Images do not belong in the copy; retype the rest of the entries below exactly.

| SUPPLIED MATERIAL |
· · ·
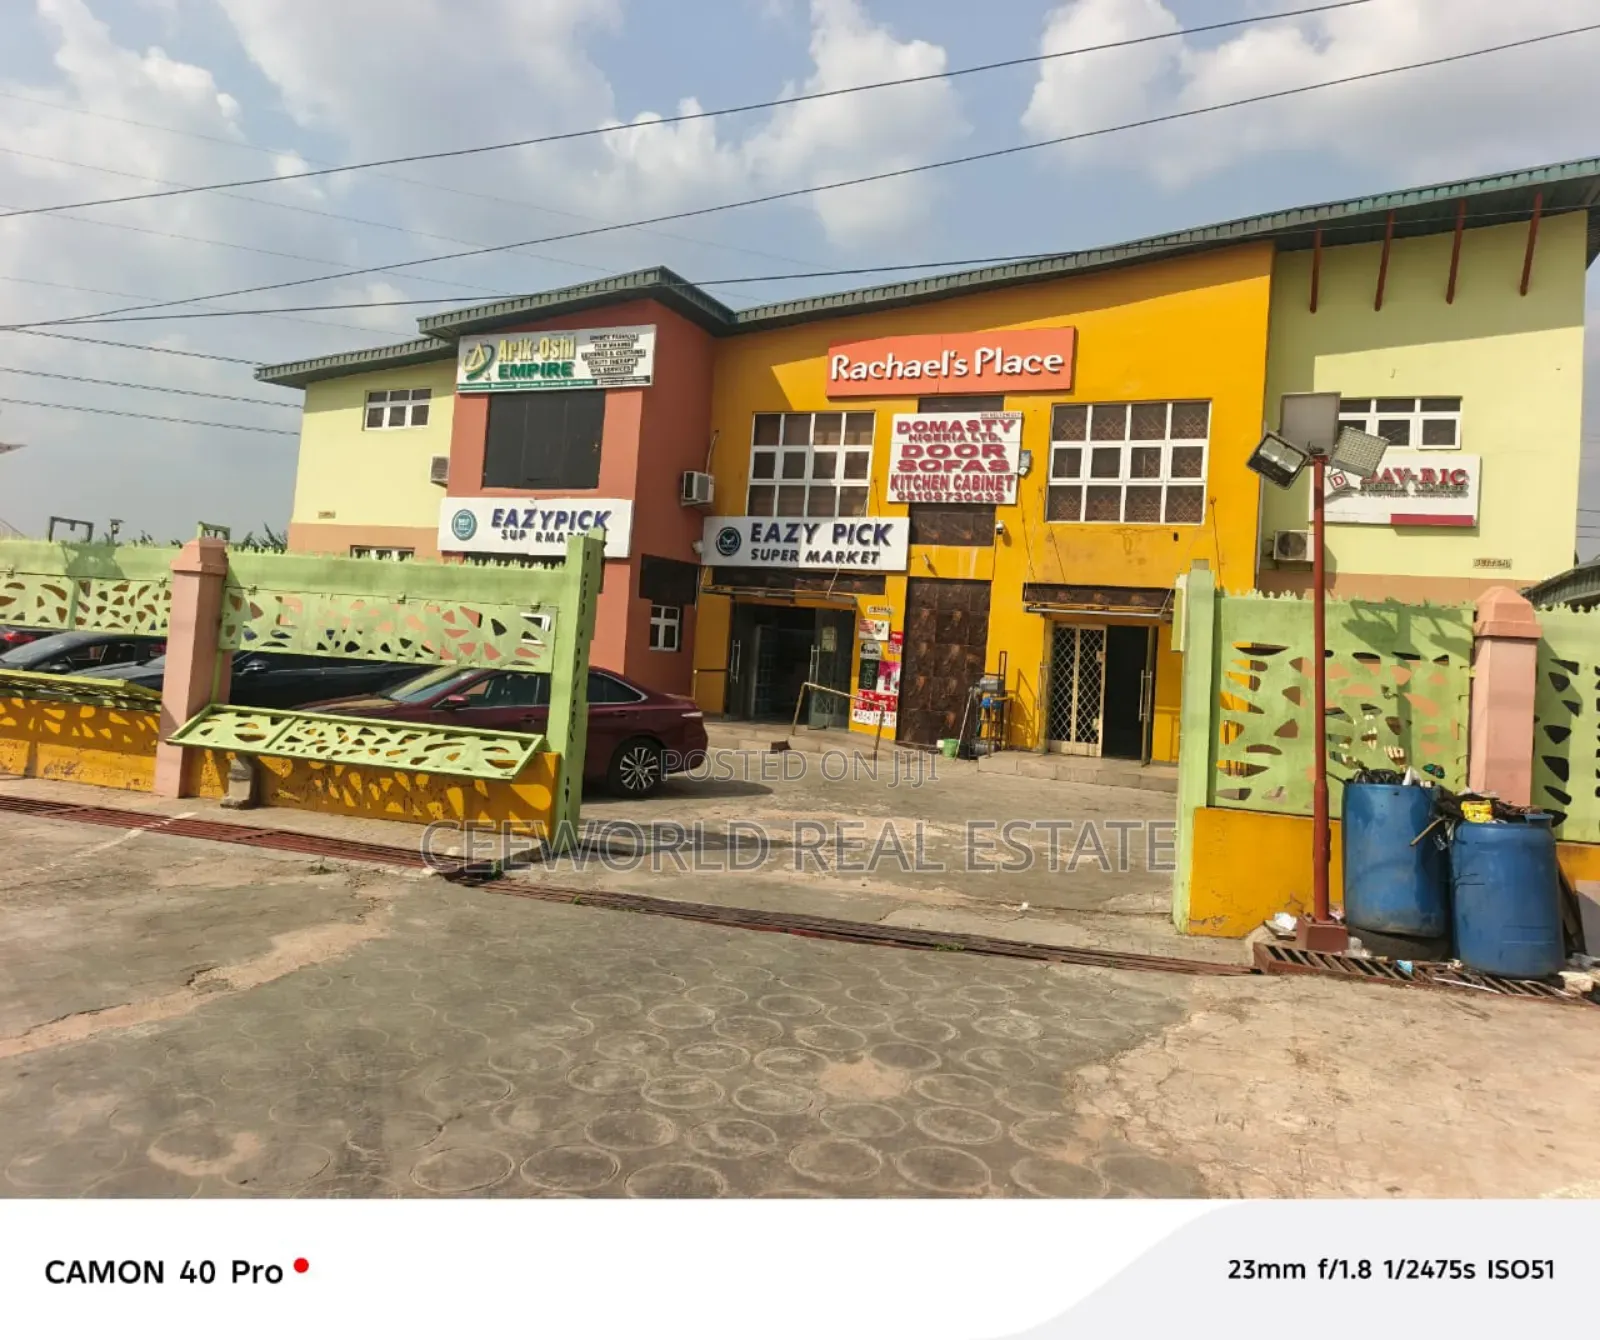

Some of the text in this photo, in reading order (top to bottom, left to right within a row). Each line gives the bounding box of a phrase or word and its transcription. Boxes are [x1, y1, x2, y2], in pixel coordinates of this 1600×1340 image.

[498, 361, 575, 379] EMPIRE
[831, 347, 1063, 380] Rachael's Place
[897, 420, 1016, 434] DOMASTY
[909, 433, 966, 442] NIGERIA
[901, 444, 1006, 459] DOOR
[897, 459, 1010, 473] SOFAS
[890, 474, 1015, 492] KITCHEN CABINET
[491, 508, 611, 531] EAZYPICK
[751, 523, 893, 546] EAZY PICK
[751, 548, 880, 565] SUPER MARKET
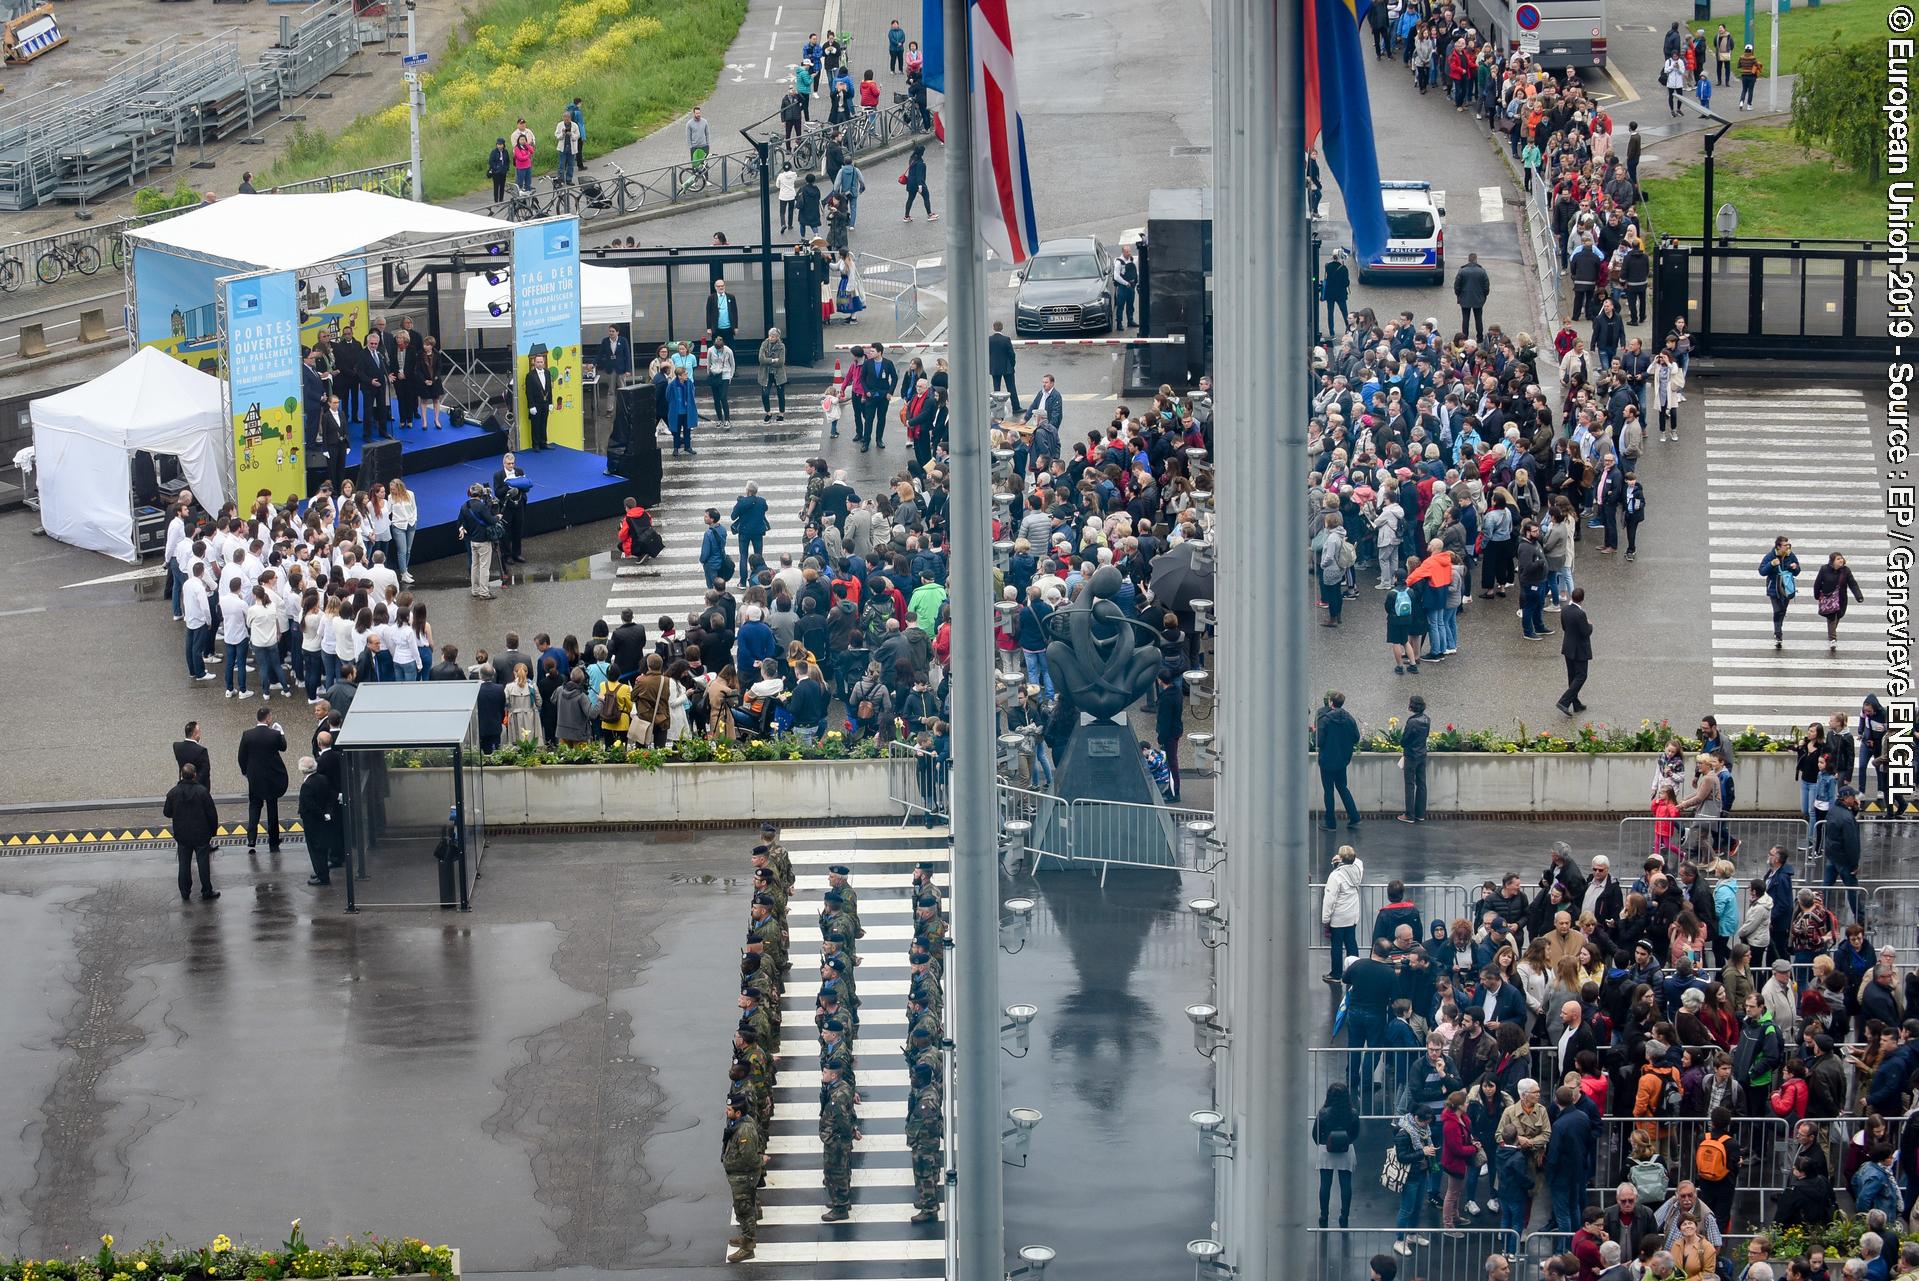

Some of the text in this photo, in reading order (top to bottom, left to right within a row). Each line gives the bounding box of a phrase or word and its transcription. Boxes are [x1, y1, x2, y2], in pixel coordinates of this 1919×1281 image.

[521, 266, 573, 285] TAG DER
[522, 282, 556, 298] OFFENEN
[234, 320, 292, 342] PORTES
[235, 334, 293, 355] OUVERTES
[236, 347, 293, 365] DU PARLEMENT
[236, 357, 293, 375] EUROPÉEN
· · ·
| ANSWER TO THE PROBLEM |
Some of the text in this photo, in reading order (top to bottom, left to right within a row). Each line gives the bounding box of a phrase or word and its transcription. Boxes are [x1, y1, x2, y2], in pixel coordinates of this 1600×1340 image.

[498, 361, 575, 379] EMPIRE
[831, 347, 1063, 380] Rachael's Place
[897, 420, 1016, 434] DOMASTY
[909, 433, 966, 442] NIGERIA
[901, 444, 1006, 459] DOOR
[897, 459, 1010, 473] SOFAS
[890, 474, 1015, 492] KITCHEN CABINET
[491, 508, 611, 531] EAZYPICK
[751, 523, 893, 546] EAZY PICK
[751, 548, 880, 565] SUPER MARKET

Some of the text in this photo, in reading order (top to bottom, left to right within a row). Each line gives the bounding box of a phrase or word and its transcription. Boxes are [x1, y1, x2, y2], in pixel coordinates of this 1919×1281 image.

[521, 266, 573, 285] TAG DER
[522, 282, 556, 298] OFFENEN
[234, 320, 292, 342] PORTES
[235, 334, 293, 355] OUVERTES
[236, 347, 293, 365] DU PARLEMENT
[236, 357, 293, 375] EUROPÉEN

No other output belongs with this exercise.